* **Your assignment**
Each record needs to be retyped exactly, though its pictures should not appear.

Recorded data
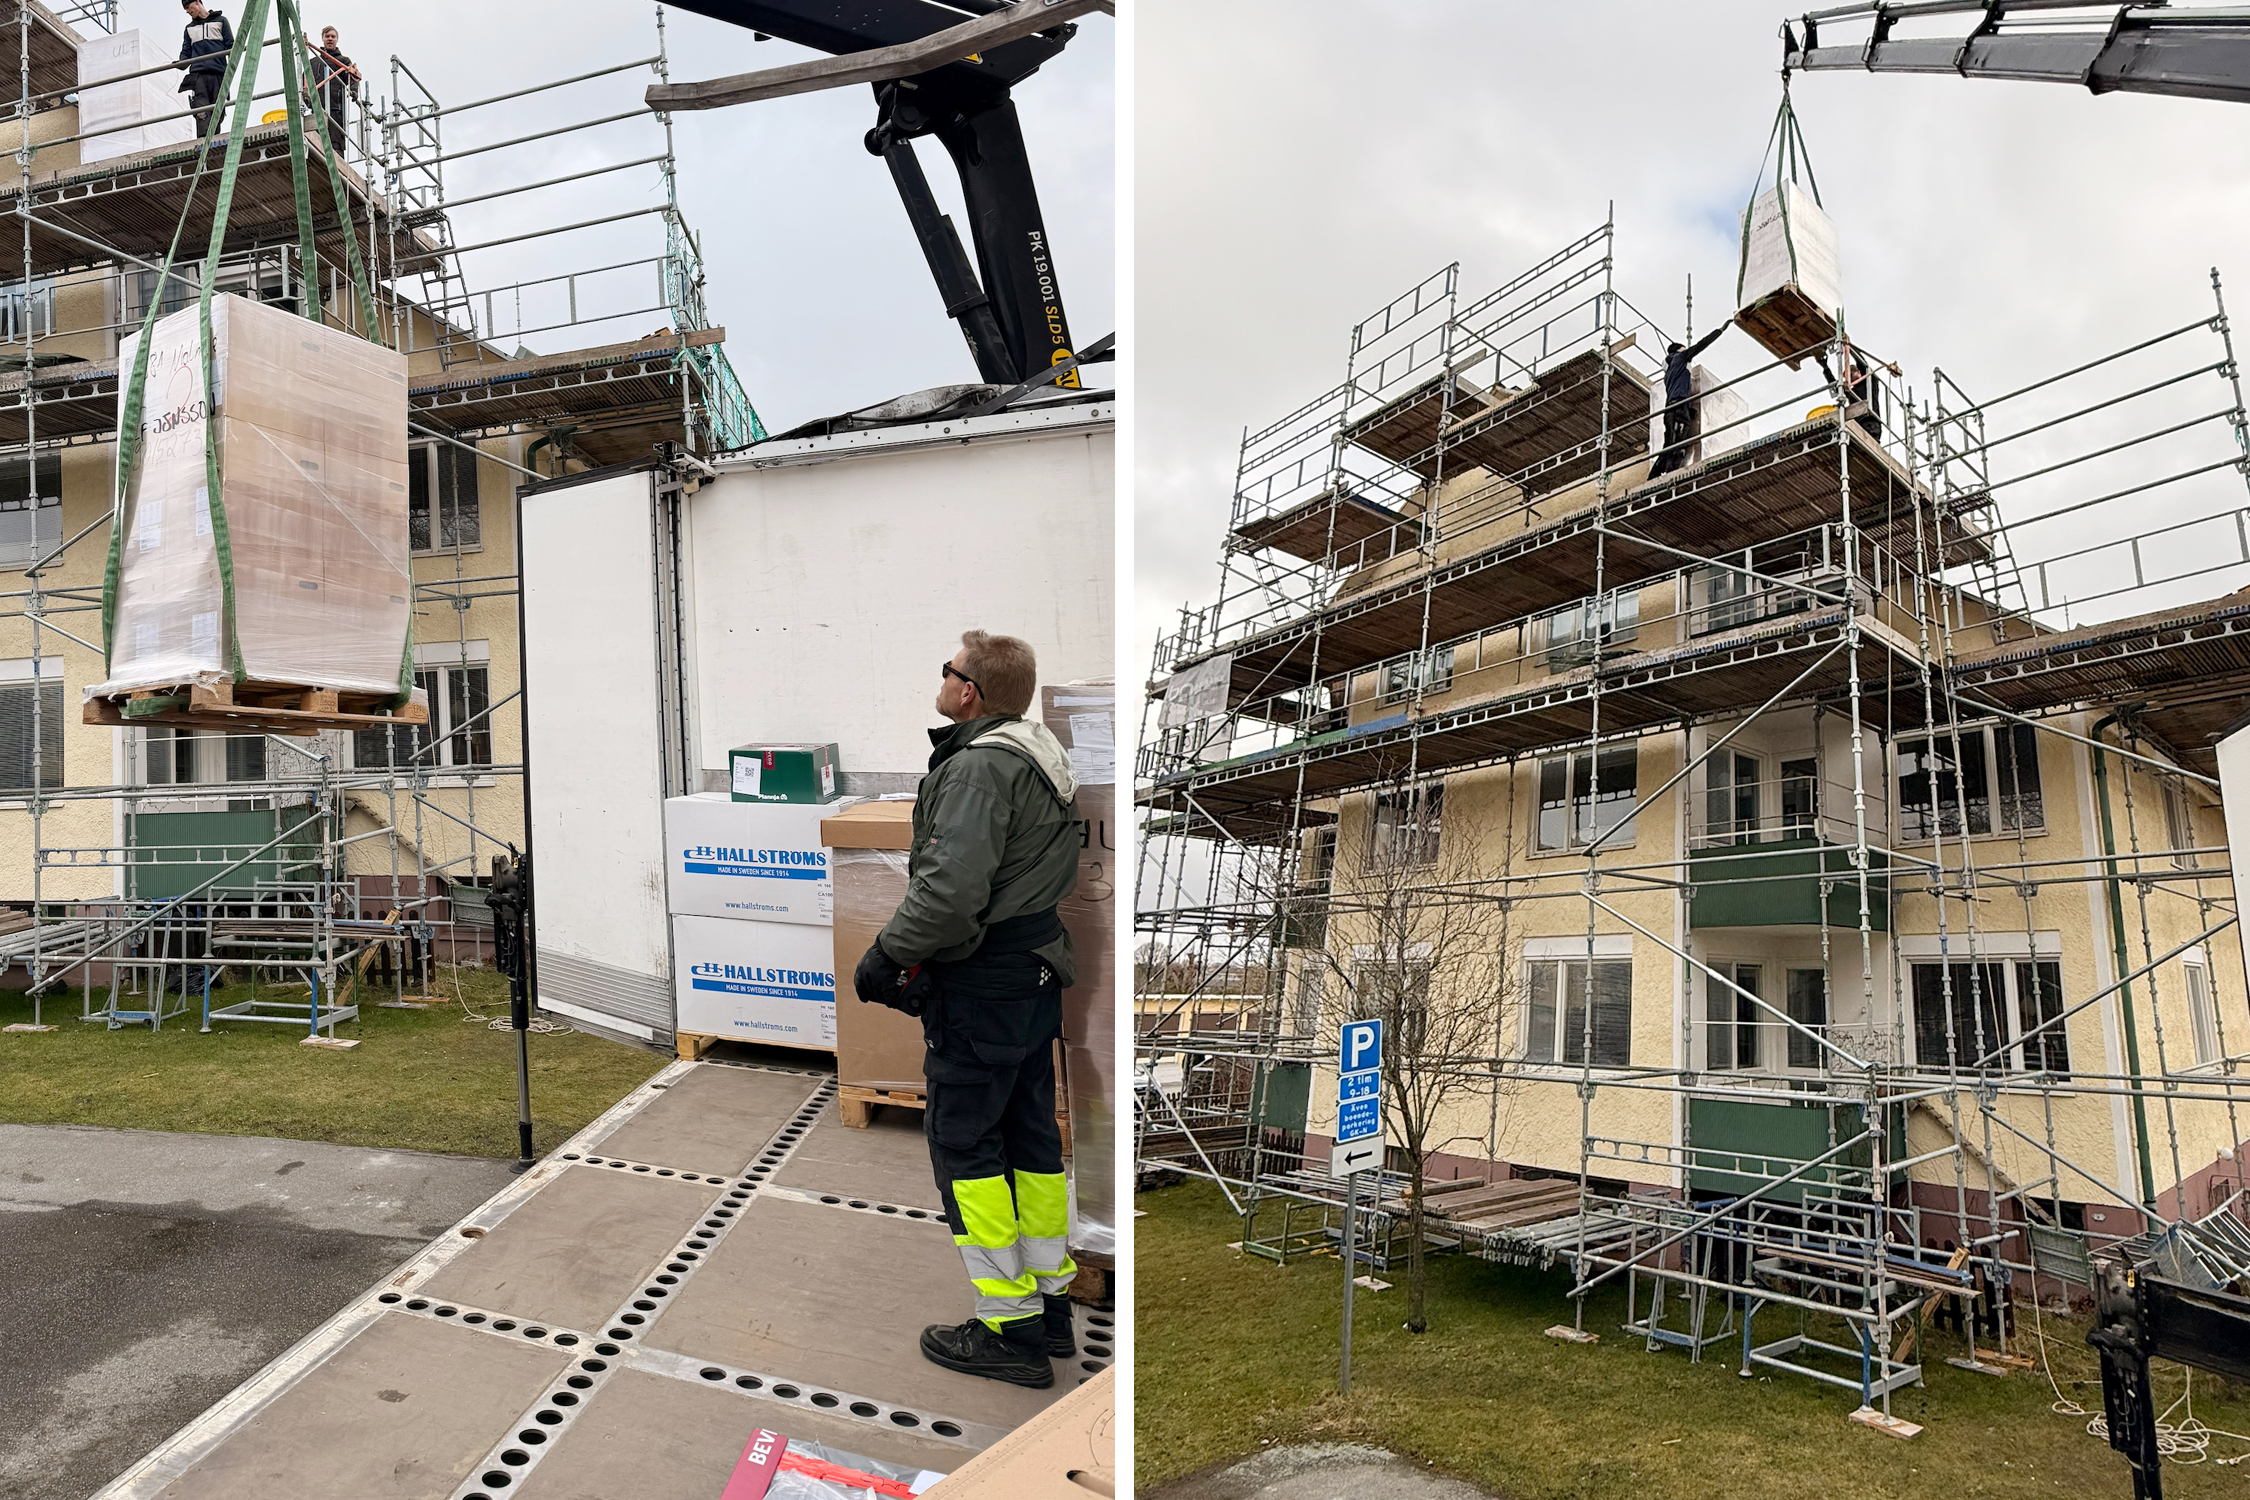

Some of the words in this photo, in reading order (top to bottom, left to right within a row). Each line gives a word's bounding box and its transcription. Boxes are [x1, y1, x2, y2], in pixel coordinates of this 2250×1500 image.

[1028, 230, 1044, 252] PK
[1033, 255, 1056, 303] 19.001
[716, 846, 827, 867] HALLSTRÖMS
[717, 866, 732, 874] MADE
[760, 869, 775, 877] SINCE
[725, 901, 789, 912] www.hallstroms.com
[724, 964, 835, 987] HALLSTRÖMS
[725, 984, 740, 992] MADE
[746, 985, 768, 994] SWEDEN
[769, 988, 784, 996] SINCE
[784, 989, 798, 997] 1914
[734, 1020, 799, 1033] www.hallstroms.com
[1351, 1026, 1375, 1068] P
[1348, 1077, 1354, 1087] 2
[1357, 1074, 1372, 1085] tim
[1349, 1086, 1370, 1098] 9-18
[1350, 1103, 1368, 1112] Även
[1344, 1111, 1374, 1122] boende-
[1341, 1117, 1376, 1133] parkering

* **Exercise solution**
Some of the words in this photo, in reading order (top to bottom, left to right within a row). Each line gives a word's bounding box and its transcription. Boxes are [x1, y1, x2, y2], in pixel coordinates of this 2250×1500 image.

[1028, 230, 1044, 252] PK
[1033, 255, 1056, 303] 19.001
[716, 846, 827, 867] HALLSTRÖMS
[717, 866, 732, 874] MADE
[760, 869, 775, 877] SINCE
[725, 901, 789, 912] www.hallstroms.com
[724, 964, 835, 987] HALLSTRÖMS
[725, 984, 740, 992] MADE
[746, 985, 768, 994] SWEDEN
[769, 988, 784, 996] SINCE
[784, 989, 798, 997] 1914
[734, 1020, 799, 1033] www.hallstroms.com
[1351, 1026, 1375, 1068] P
[1348, 1077, 1354, 1087] 2
[1357, 1074, 1372, 1085] tim
[1349, 1086, 1370, 1098] 9-18
[1350, 1103, 1368, 1112] Även
[1344, 1111, 1374, 1122] boende-
[1341, 1117, 1376, 1133] parkering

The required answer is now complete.